### Listed records
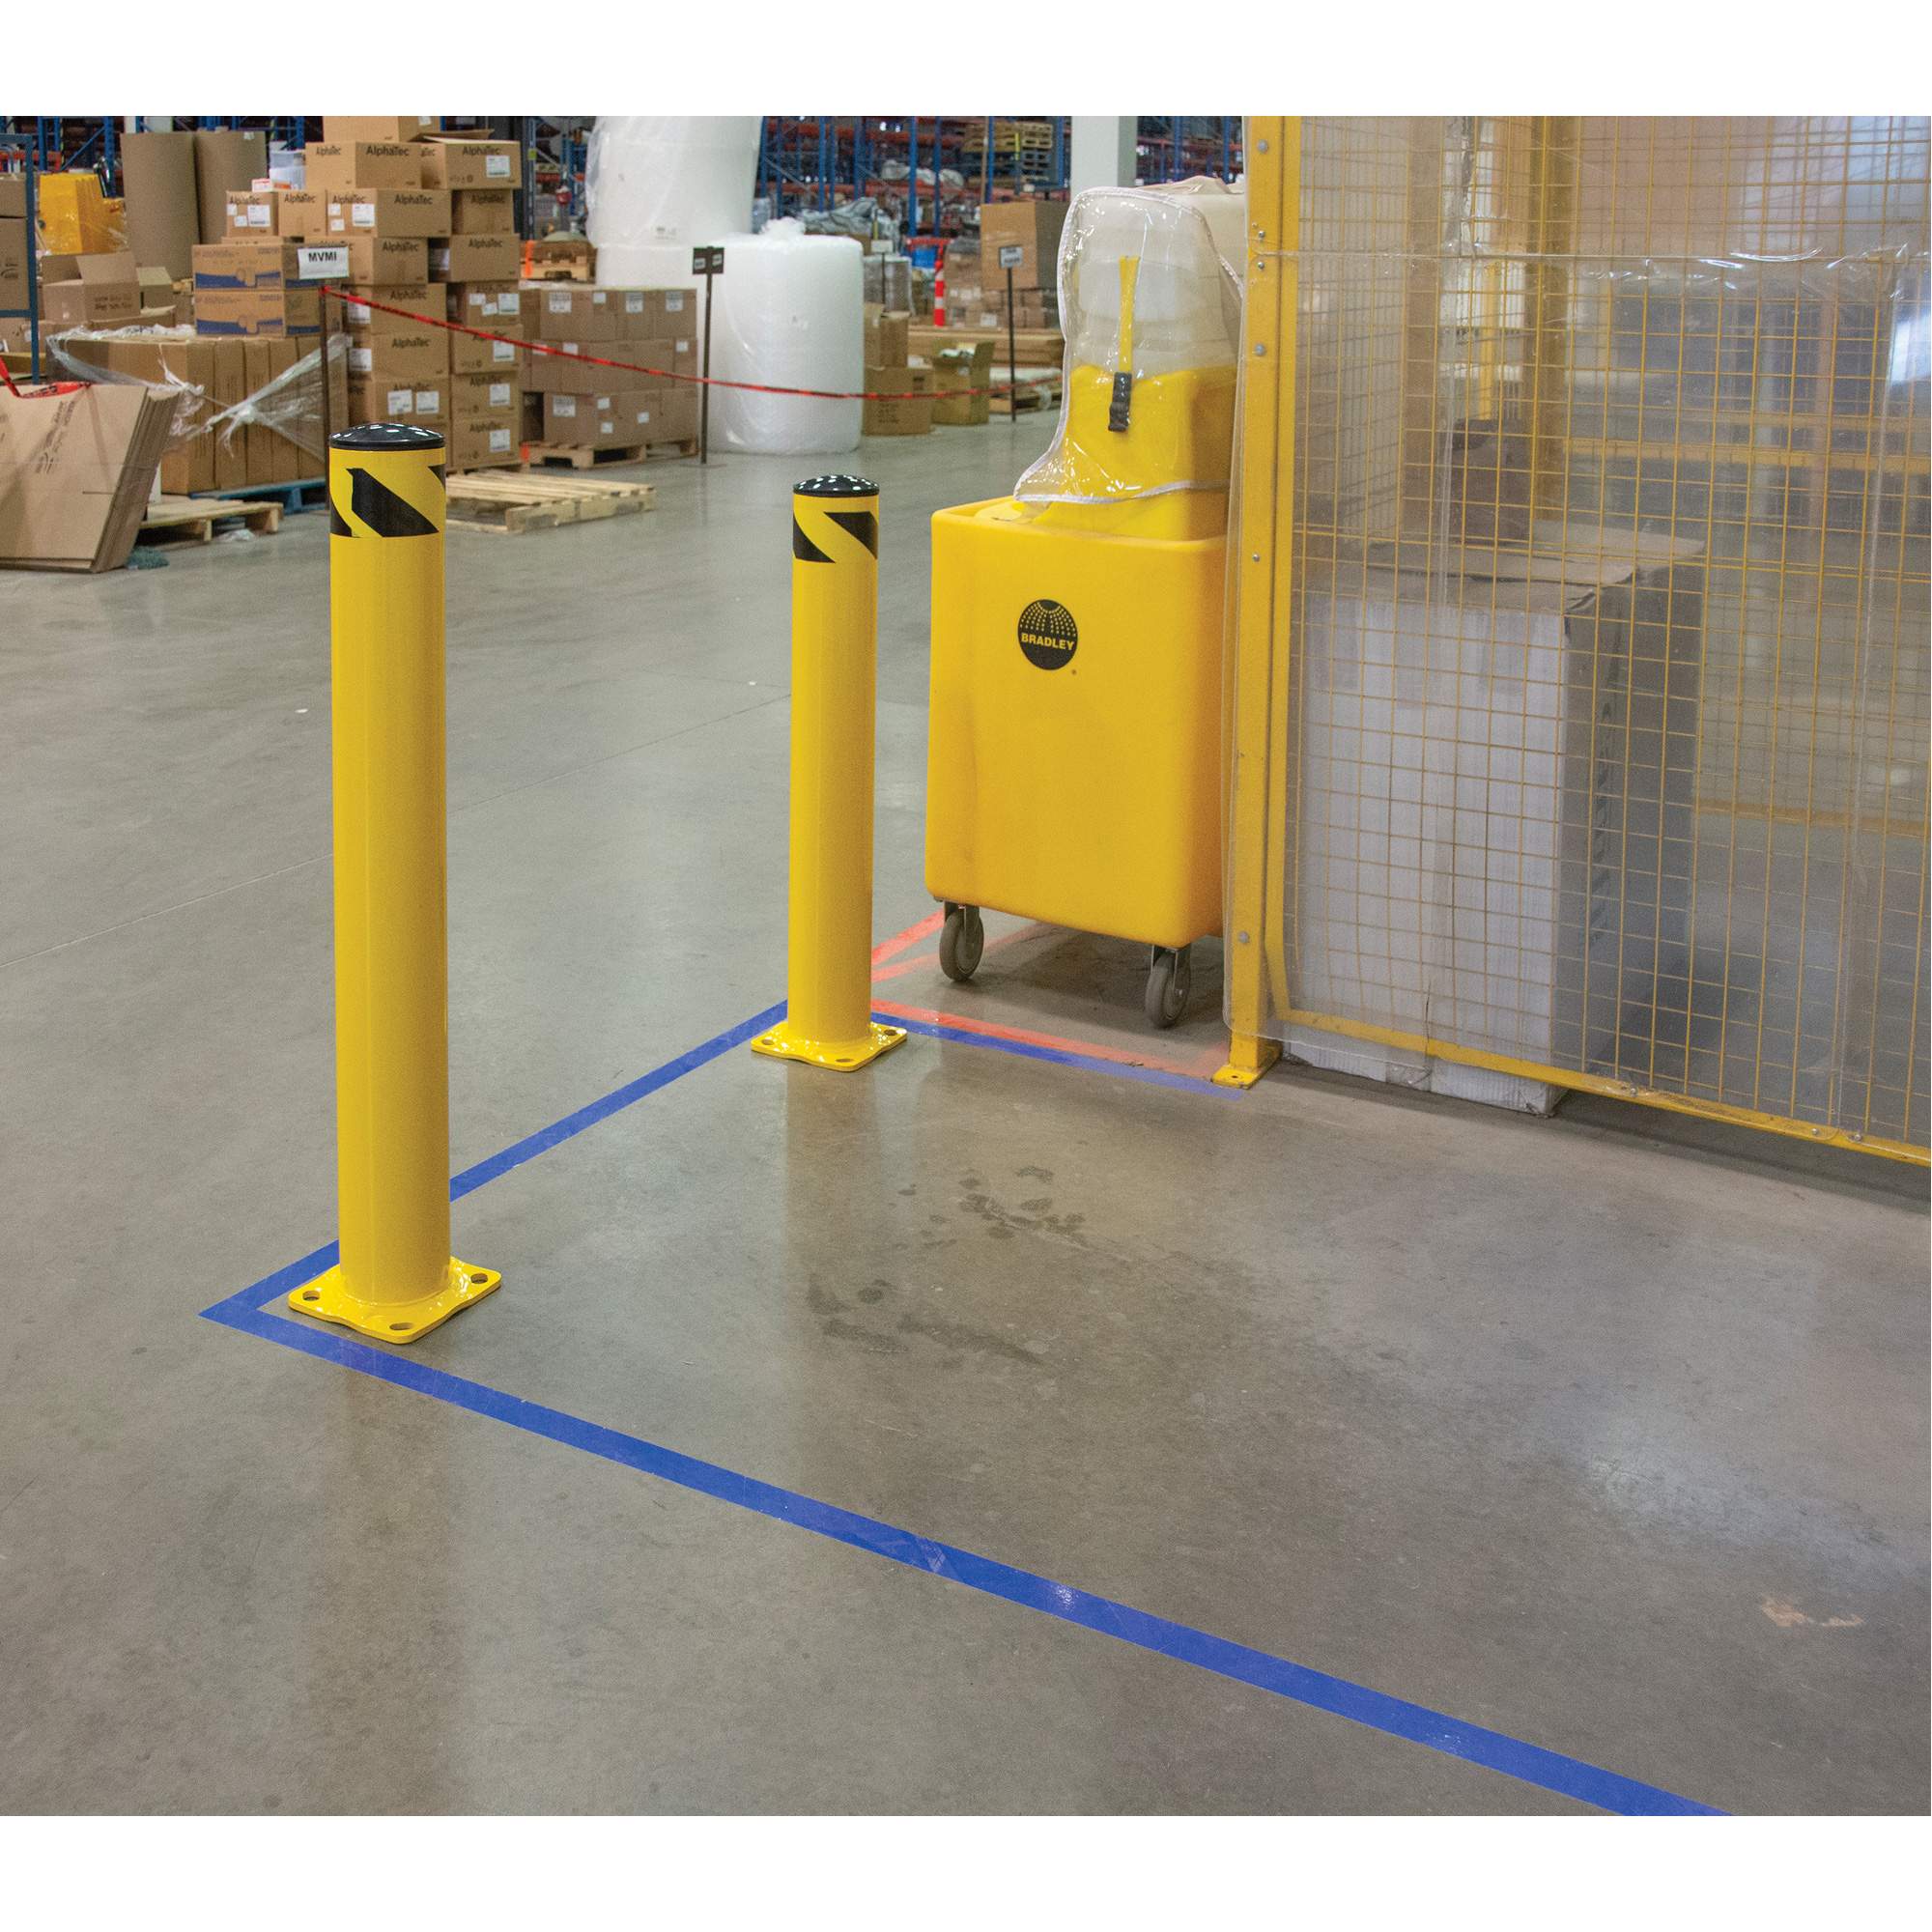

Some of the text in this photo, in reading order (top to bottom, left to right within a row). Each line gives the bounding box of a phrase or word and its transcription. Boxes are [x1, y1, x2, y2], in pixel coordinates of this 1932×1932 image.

[366, 146, 410, 156] AlphaTec
[462, 146, 502, 156] AlphaTec
[283, 194, 317, 204] AlphaTec
[332, 194, 366, 205] AlphaTec
[394, 194, 433, 205] AlphaTec
[383, 241, 418, 252] AlphaTec
[469, 238, 502, 248] AlphaTec
[308, 251, 337, 263] MVMI
[391, 337, 430, 348] AlphaTec
[1021, 633, 1074, 650] BRADLEY

### Task brief
Leave every image out when you return the material above word for word.

### Response to this task
Some of the text in this photo, in reading order (top to bottom, left to right within a row). Each line gives the bounding box of a phrase or word and its transcription. Boxes are [x1, y1, x2, y2], in pixel coordinates of this 1932×1932 image.

[366, 146, 410, 156] AlphaTec
[462, 146, 502, 156] AlphaTec
[283, 194, 317, 204] AlphaTec
[332, 194, 366, 205] AlphaTec
[394, 194, 433, 205] AlphaTec
[383, 241, 418, 252] AlphaTec
[469, 238, 502, 248] AlphaTec
[308, 251, 337, 263] MVMI
[391, 337, 430, 348] AlphaTec
[1021, 633, 1074, 650] BRADLEY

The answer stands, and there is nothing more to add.